**WHAT THE TASK REQUIRES:**
Your answer must consist solely of the line containing "this 2000×1333 image." and each line after it through the end of the data, copied exactly.

**EXERCISE MATERIALS:**
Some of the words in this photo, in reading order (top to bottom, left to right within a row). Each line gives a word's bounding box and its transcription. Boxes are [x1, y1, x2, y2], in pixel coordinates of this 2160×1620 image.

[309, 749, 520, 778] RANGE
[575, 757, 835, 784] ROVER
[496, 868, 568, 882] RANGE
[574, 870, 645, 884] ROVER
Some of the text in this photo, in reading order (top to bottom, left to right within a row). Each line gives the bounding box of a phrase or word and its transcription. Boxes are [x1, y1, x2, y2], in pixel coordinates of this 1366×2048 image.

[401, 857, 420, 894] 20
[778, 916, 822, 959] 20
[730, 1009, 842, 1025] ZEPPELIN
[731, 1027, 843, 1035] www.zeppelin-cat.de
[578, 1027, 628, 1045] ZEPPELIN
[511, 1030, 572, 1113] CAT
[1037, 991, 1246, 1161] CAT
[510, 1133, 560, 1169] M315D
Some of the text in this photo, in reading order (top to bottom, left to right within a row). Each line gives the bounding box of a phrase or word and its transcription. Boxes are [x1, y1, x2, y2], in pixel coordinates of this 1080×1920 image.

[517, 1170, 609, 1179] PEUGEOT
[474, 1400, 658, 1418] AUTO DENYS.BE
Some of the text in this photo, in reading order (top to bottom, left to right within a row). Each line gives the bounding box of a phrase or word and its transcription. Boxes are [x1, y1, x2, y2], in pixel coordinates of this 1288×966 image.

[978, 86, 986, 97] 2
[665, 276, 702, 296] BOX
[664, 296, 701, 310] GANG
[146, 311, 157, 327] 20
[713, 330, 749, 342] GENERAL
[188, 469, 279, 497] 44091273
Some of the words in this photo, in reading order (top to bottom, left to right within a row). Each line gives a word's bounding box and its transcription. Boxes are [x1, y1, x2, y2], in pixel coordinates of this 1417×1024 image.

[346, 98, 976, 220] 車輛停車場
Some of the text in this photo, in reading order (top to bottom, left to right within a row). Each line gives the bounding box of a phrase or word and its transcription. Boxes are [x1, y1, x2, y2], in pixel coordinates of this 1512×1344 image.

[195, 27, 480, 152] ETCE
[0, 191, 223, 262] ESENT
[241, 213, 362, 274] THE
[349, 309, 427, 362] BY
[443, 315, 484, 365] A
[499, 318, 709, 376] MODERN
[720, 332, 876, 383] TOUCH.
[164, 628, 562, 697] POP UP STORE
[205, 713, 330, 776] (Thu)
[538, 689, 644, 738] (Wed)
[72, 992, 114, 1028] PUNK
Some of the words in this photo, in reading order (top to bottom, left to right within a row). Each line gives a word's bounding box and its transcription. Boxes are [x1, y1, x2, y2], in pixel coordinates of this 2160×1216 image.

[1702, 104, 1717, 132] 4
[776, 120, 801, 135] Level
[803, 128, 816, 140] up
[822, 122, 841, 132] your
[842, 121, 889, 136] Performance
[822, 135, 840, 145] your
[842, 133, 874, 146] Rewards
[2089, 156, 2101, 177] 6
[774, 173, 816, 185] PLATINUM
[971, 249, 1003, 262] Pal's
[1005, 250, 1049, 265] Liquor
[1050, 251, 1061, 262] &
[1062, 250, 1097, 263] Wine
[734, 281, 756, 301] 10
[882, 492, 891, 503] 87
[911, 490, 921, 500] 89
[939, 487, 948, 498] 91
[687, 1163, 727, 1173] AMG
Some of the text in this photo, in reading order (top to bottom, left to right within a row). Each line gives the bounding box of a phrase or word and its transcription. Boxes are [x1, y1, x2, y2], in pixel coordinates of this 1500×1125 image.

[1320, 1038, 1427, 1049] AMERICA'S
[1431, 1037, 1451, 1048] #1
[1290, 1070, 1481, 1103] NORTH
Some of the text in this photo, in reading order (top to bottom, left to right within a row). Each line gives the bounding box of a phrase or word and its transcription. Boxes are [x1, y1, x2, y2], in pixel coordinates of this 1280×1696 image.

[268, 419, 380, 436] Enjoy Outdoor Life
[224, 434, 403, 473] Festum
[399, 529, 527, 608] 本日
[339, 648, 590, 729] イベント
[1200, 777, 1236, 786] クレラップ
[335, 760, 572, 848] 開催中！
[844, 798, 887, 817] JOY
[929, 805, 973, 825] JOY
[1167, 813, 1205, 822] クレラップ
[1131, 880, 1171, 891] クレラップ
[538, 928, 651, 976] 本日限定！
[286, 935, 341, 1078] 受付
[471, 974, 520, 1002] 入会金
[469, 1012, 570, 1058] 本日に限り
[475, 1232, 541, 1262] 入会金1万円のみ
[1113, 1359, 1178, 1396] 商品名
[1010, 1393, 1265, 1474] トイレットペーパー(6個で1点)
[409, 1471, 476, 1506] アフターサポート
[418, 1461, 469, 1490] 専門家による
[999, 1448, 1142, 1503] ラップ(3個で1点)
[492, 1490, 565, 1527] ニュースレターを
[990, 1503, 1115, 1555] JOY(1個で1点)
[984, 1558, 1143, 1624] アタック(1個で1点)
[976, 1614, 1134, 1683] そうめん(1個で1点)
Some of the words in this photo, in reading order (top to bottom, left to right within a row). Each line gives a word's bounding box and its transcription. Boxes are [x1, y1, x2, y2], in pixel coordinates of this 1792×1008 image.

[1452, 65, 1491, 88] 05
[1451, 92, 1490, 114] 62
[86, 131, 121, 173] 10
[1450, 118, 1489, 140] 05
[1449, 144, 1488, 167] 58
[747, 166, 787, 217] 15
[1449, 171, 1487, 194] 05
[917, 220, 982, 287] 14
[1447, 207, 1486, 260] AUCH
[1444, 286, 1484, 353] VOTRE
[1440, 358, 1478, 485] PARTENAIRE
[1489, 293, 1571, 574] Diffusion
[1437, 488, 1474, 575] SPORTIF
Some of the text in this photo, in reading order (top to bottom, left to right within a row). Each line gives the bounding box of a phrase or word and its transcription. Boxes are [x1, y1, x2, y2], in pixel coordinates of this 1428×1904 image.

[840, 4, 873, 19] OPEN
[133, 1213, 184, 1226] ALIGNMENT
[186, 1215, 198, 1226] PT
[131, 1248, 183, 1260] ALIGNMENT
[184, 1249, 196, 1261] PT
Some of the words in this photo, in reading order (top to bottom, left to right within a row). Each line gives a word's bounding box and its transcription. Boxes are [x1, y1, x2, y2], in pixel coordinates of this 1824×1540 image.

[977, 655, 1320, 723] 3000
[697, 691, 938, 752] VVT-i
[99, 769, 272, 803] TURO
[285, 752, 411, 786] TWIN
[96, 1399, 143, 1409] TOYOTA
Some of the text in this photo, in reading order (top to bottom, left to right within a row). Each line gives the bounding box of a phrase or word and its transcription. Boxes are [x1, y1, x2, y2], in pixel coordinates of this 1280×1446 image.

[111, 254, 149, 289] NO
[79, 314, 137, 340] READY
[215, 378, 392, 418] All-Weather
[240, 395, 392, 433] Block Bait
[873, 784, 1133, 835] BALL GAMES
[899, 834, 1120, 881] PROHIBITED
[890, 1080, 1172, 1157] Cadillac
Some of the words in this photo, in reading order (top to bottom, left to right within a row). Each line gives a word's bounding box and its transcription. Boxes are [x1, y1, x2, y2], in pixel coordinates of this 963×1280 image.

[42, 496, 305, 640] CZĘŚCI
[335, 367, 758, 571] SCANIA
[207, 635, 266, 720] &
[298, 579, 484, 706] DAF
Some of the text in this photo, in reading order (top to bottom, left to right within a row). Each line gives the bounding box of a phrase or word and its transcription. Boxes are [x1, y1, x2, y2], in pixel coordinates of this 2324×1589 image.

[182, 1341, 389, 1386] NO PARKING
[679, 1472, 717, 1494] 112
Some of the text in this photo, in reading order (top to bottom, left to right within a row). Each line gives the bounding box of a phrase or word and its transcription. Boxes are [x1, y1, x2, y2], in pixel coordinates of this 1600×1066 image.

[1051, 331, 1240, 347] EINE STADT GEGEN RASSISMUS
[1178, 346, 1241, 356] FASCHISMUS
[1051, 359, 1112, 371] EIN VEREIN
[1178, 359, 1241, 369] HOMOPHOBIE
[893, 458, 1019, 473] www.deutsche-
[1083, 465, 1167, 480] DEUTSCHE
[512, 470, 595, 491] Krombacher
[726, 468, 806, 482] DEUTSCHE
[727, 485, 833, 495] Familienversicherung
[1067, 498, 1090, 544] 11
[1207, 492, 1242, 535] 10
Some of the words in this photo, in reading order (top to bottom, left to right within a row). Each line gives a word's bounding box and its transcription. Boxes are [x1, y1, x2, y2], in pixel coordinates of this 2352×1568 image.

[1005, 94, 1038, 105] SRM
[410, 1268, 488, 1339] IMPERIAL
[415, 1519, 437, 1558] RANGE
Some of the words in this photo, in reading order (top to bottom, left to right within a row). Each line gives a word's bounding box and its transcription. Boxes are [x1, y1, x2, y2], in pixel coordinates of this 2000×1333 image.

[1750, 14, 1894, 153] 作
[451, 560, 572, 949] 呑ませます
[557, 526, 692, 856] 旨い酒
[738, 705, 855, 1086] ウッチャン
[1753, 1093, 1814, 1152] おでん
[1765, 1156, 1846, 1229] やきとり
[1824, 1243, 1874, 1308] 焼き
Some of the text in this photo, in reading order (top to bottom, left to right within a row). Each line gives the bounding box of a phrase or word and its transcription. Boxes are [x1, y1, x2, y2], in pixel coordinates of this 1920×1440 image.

**EXERCISE OUTPUT:**
Some of the words in this photo, in reading order (top to bottom, left to right within a row). Each line gives a word's bounding box and its transcription. Boxes are [x1, y1, x2, y2], in pixel coordinates of this 2000×1333 image.

[1750, 14, 1894, 153] 作
[451, 560, 572, 949] 呑ませます
[557, 526, 692, 856] 旨い酒
[738, 705, 855, 1086] ウッチャン
[1753, 1093, 1814, 1152] おでん
[1765, 1156, 1846, 1229] やきとり
[1824, 1243, 1874, 1308] 焼き
Some of the text in this photo, in reading order (top to bottom, left to right within a row). Each line gives the bounding box of a phrase or word and its transcription. Boxes are [x1, y1, x2, y2], in pixel coordinates of this 1920×1440 image.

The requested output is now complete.